══ DATASET RECORDS ══

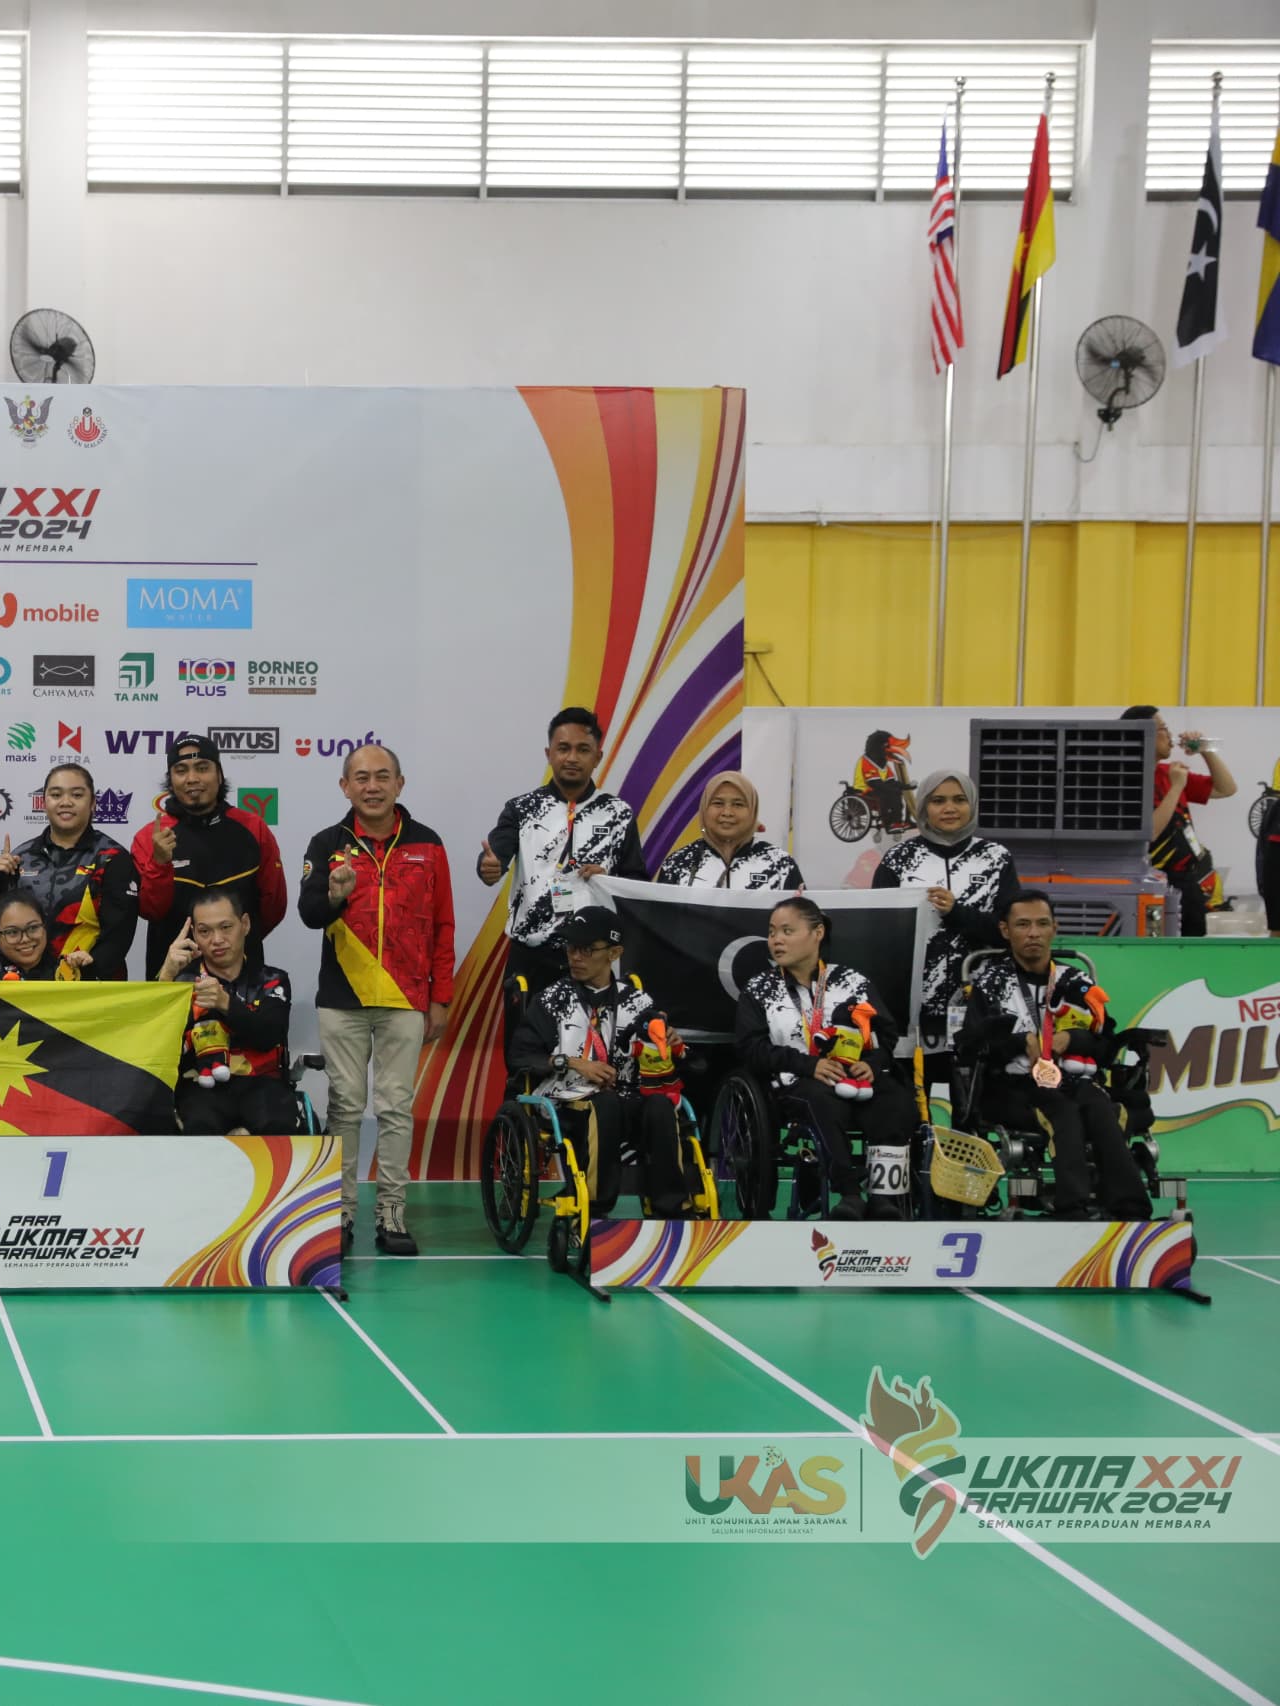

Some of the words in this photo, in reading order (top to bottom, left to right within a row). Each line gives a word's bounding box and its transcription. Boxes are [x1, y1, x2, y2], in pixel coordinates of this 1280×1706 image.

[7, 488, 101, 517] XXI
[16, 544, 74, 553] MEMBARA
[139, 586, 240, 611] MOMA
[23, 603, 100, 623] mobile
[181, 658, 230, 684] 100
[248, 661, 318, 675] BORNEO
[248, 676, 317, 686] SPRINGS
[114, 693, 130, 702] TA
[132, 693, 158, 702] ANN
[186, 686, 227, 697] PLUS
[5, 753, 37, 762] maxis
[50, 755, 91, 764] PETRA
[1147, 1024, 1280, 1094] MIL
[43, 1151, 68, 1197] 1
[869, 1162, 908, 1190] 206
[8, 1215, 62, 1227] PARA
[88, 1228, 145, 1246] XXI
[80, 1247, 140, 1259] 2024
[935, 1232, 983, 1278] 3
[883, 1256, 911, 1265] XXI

═══

After removing the pictures, restate the whole listing above word for word.

:: WRITTEN SOLUTION ::
Some of the words in this photo, in reading order (top to bottom, left to right within a row). Each line gives a word's bounding box and its transcription. Boxes are [x1, y1, x2, y2], in pixel coordinates of this 1280×1706 image.

[7, 488, 101, 517] XXI
[16, 544, 74, 553] MEMBARA
[139, 586, 240, 611] MOMA
[23, 603, 100, 623] mobile
[181, 658, 230, 684] 100
[248, 661, 318, 675] BORNEO
[248, 676, 317, 686] SPRINGS
[114, 693, 130, 702] TA
[132, 693, 158, 702] ANN
[186, 686, 227, 697] PLUS
[5, 753, 37, 762] maxis
[50, 755, 91, 764] PETRA
[1147, 1024, 1280, 1094] MIL
[43, 1151, 68, 1197] 1
[869, 1162, 908, 1190] 206
[8, 1215, 62, 1227] PARA
[88, 1228, 145, 1246] XXI
[80, 1247, 140, 1259] 2024
[935, 1232, 983, 1278] 3
[883, 1256, 911, 1265] XXI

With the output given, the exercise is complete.